A randomized controlled trial published in the current issue of Psychotherapy and Psychosomatics indicates that modifications in lifestyle may improve cognitive function in the elderly. Since a healthy lifestyle may protect against cognitive decline, the authors examined outcomes in elderly individuals after 18 months of a five-group intervention program consisting of various modalities: physical activity, antismoking, social activity, cognitive activity, alcohol drinking in moderation, and leaning about body mass and a healthy diet.

Between 2008 and 2010, a cluster randomized controlled trial assessing 460 community-dwelling individuals aged 60 years and older, was conducted in a geriatric community mental health center in Suwon, Republic of Korea. The intervention program based on the principles of contingency management was developed in a way that could be delivered by ordinary primary health workers. According to the research design, group A (n = 81) received standard care services, group B (n = 80) received bimonthly (once every 2 months) telephonic care management, group C (n = 111) received monthly telephonic care management and educational materials similar to those in group B, group D (n = 93) received bimonthly health worker-initiated visits and counseling and group E (n = 94) received bimonthly health worker-initiated visits, counseling, and rewards for adherence to the program.

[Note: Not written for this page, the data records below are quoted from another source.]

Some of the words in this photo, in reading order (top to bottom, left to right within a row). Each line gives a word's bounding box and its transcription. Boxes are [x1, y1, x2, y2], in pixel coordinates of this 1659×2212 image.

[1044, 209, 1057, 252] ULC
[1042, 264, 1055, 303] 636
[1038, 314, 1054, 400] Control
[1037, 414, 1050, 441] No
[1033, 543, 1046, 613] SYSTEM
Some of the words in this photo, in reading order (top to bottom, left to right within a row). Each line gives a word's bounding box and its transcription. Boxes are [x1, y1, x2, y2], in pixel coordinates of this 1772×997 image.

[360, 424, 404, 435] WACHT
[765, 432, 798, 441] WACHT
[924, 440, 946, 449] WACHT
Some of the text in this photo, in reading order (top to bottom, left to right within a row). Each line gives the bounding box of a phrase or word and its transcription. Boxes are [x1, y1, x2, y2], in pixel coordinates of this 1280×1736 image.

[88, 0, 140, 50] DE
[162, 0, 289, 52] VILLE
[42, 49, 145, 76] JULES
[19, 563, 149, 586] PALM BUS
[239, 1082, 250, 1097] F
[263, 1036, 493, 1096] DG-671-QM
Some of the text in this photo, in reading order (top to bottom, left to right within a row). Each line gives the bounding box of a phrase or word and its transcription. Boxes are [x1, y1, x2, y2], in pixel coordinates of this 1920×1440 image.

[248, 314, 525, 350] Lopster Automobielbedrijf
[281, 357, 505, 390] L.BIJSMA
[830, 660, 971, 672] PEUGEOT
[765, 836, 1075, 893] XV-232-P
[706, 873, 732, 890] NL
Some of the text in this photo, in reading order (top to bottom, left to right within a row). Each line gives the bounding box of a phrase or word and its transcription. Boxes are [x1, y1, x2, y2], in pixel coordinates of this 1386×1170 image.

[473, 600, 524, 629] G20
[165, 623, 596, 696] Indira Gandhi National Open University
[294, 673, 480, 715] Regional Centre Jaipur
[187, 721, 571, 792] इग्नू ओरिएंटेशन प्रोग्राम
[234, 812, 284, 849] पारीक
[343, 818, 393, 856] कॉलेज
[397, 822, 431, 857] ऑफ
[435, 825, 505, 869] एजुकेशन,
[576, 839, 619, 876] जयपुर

The primary outcome was the change in Mini-Mental State Examination (MMSE) scores from baseline to the final follow-up visit at 18 months. Group E showed superior cognitive function to group A (adjusted coefficient ß = 0.99, p = 0.044), with participation in cognitive activities being the most important determining factor among several health behaviors (adjusted coefficient ß = 1.04, p < 0.01). The study showed that engaging in cognitive activities, in combination with positive health behaviors, may be most beneficial in preserving cognitive abilities in community-dwelling older adults.




Full bibliographic information:
Lee K.S., Lee Y., Back J.H., Son S.J., Choi S.H., Chung Y.-K., Lim K.-Y., Noh J.S., Koh S.H., Oh B.H., Hong C.H. Effects of a Multidomain Lifestyle Modification on Cognitive Function in Older Adults: An Eighteen-Month Community-Based Cluster Randomized Controlled Trial. Psychother Psychosom 2014;83:270-278.